> Data section:
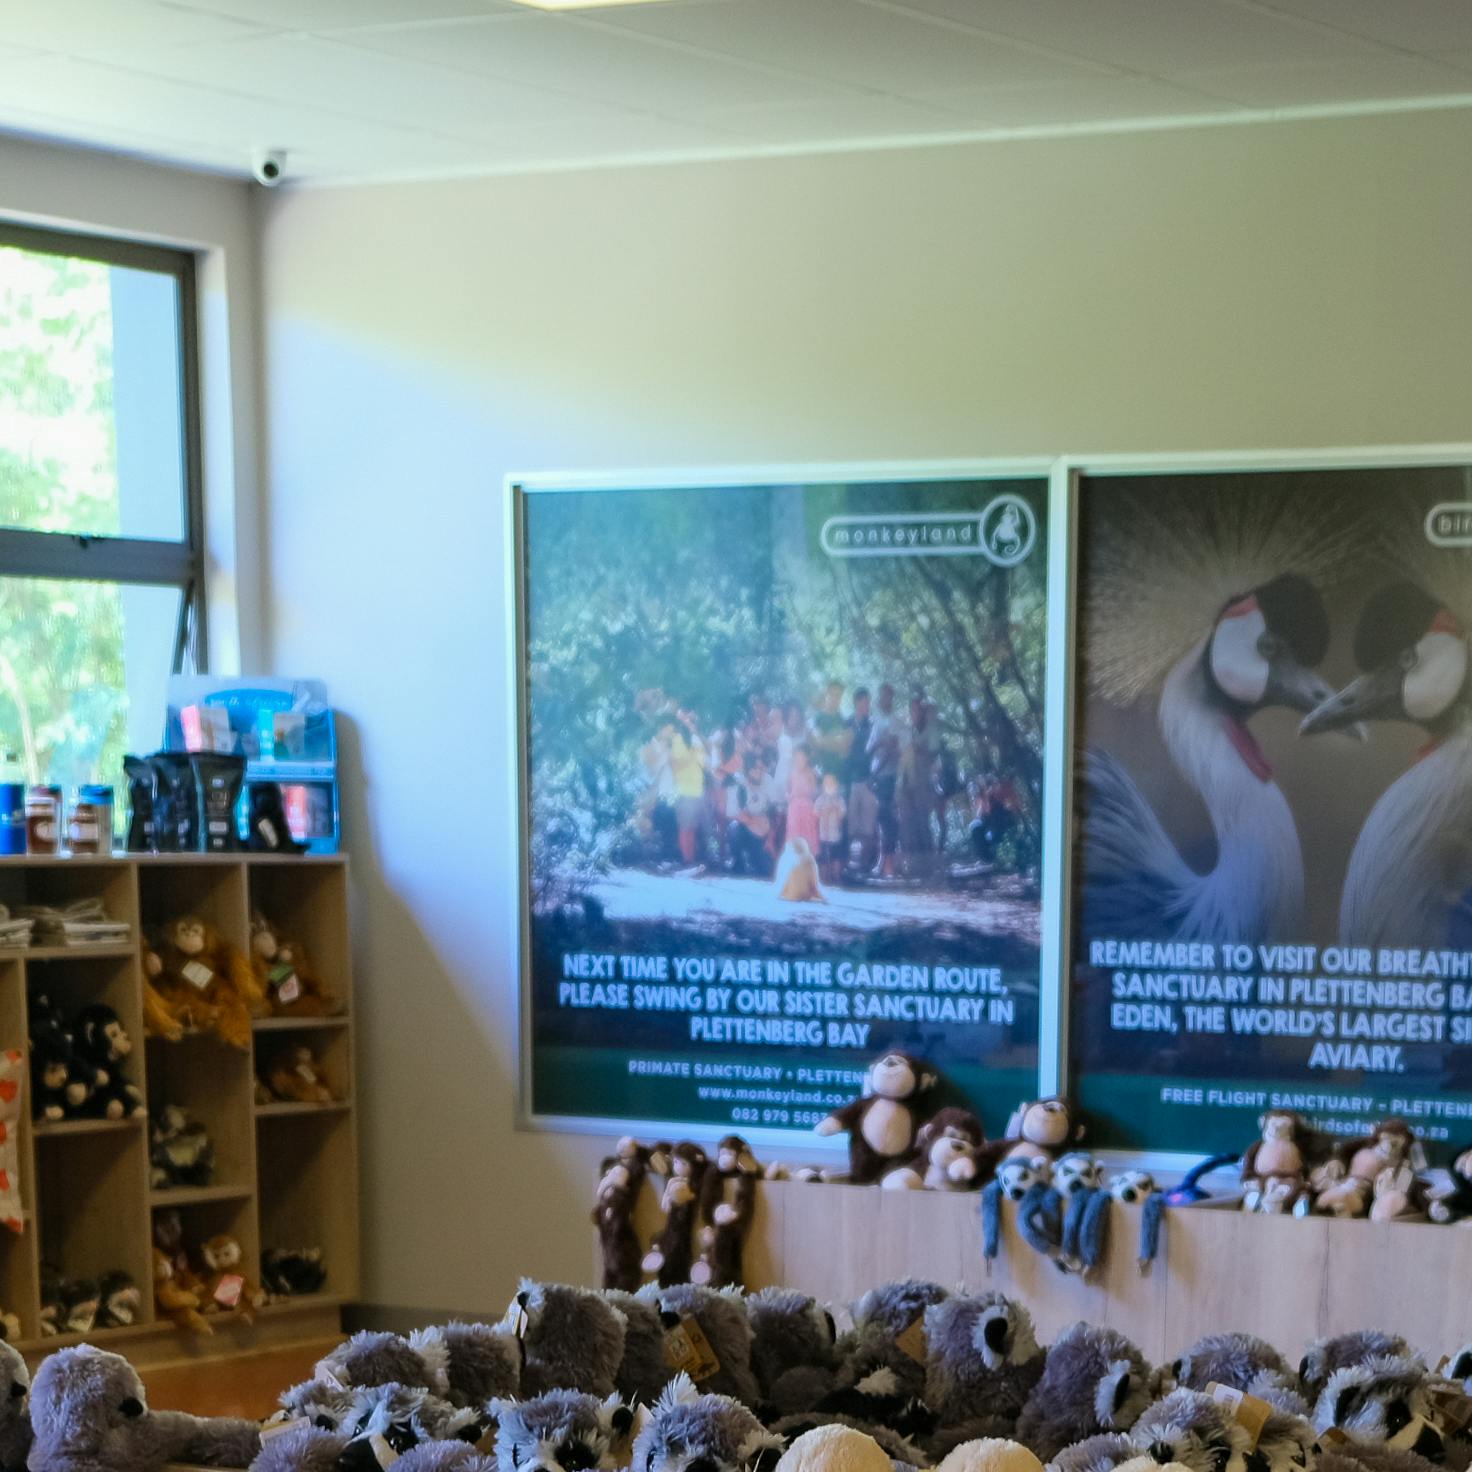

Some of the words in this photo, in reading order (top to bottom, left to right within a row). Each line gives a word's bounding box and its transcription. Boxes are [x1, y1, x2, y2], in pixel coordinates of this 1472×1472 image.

[834, 523, 973, 546] monkeyland
[1089, 941, 1215, 968] REMEMBER
[1221, 943, 1254, 971] TO
[1257, 945, 1317, 972] VISIT
[1321, 947, 1372, 974] OUR
[563, 954, 615, 978] NEXT
[621, 955, 668, 981] TIME
[673, 957, 715, 982] YOU
[720, 959, 762, 984] ARE
[767, 961, 790, 984] IN
[794, 961, 831, 985] THE
[838, 962, 929, 990] GARDEN
[934, 966, 1008, 995] ROUTE,
[1112, 972, 1253, 1001] SANCTUARY
[1257, 976, 1284, 1003] IN
[1289, 977, 1445, 1009] PLETTENBERG
[559, 982, 629, 1008] PLEASE
[633, 984, 702, 1012] SWING
[705, 987, 731, 1012] BY
[736, 989, 779, 1014] OUR
[784, 991, 848, 1016] SISTER
[853, 993, 985, 1022] SANCTUARY
[989, 999, 1015, 1024] IN
[690, 1016, 824, 1046] PLETTENBERG
[827, 1023, 870, 1048] BAY
[1111, 1003, 1178, 1033] EDEN,
[1183, 1005, 1225, 1032] THE
[1230, 1007, 1336, 1037] WORLD'S
[1341, 1011, 1446, 1042] LARGEST
[628, 1059, 690, 1076] PRIMATE
[694, 1062, 782, 1081] SANCTUARY
[1308, 1042, 1404, 1072] AVIARY.
[731, 1107, 759, 1122] 082
[763, 1108, 789, 1123] 979
[1160, 1087, 1203, 1104] FREE
[1207, 1089, 1267, 1107] FLIGHT
[1271, 1092, 1373, 1112] SANCTUARY

> Your task: Print the listing verbatim; no pictures.

> Result of this task:
Some of the words in this photo, in reading order (top to bottom, left to right within a row). Each line gives a word's bounding box and its transcription. Boxes are [x1, y1, x2, y2], in pixel coordinates of this 1472×1472 image.

[834, 523, 973, 546] monkeyland
[1089, 941, 1215, 968] REMEMBER
[1221, 943, 1254, 971] TO
[1257, 945, 1317, 972] VISIT
[1321, 947, 1372, 974] OUR
[563, 954, 615, 978] NEXT
[621, 955, 668, 981] TIME
[673, 957, 715, 982] YOU
[720, 959, 762, 984] ARE
[767, 961, 790, 984] IN
[794, 961, 831, 985] THE
[838, 962, 929, 990] GARDEN
[934, 966, 1008, 995] ROUTE,
[1112, 972, 1253, 1001] SANCTUARY
[1257, 976, 1284, 1003] IN
[1289, 977, 1445, 1009] PLETTENBERG
[559, 982, 629, 1008] PLEASE
[633, 984, 702, 1012] SWING
[705, 987, 731, 1012] BY
[736, 989, 779, 1014] OUR
[784, 991, 848, 1016] SISTER
[853, 993, 985, 1022] SANCTUARY
[989, 999, 1015, 1024] IN
[690, 1016, 824, 1046] PLETTENBERG
[827, 1023, 870, 1048] BAY
[1111, 1003, 1178, 1033] EDEN,
[1183, 1005, 1225, 1032] THE
[1230, 1007, 1336, 1037] WORLD'S
[1341, 1011, 1446, 1042] LARGEST
[628, 1059, 690, 1076] PRIMATE
[694, 1062, 782, 1081] SANCTUARY
[1308, 1042, 1404, 1072] AVIARY.
[731, 1107, 759, 1122] 082
[763, 1108, 789, 1123] 979
[1160, 1087, 1203, 1104] FREE
[1207, 1089, 1267, 1107] FLIGHT
[1271, 1092, 1373, 1112] SANCTUARY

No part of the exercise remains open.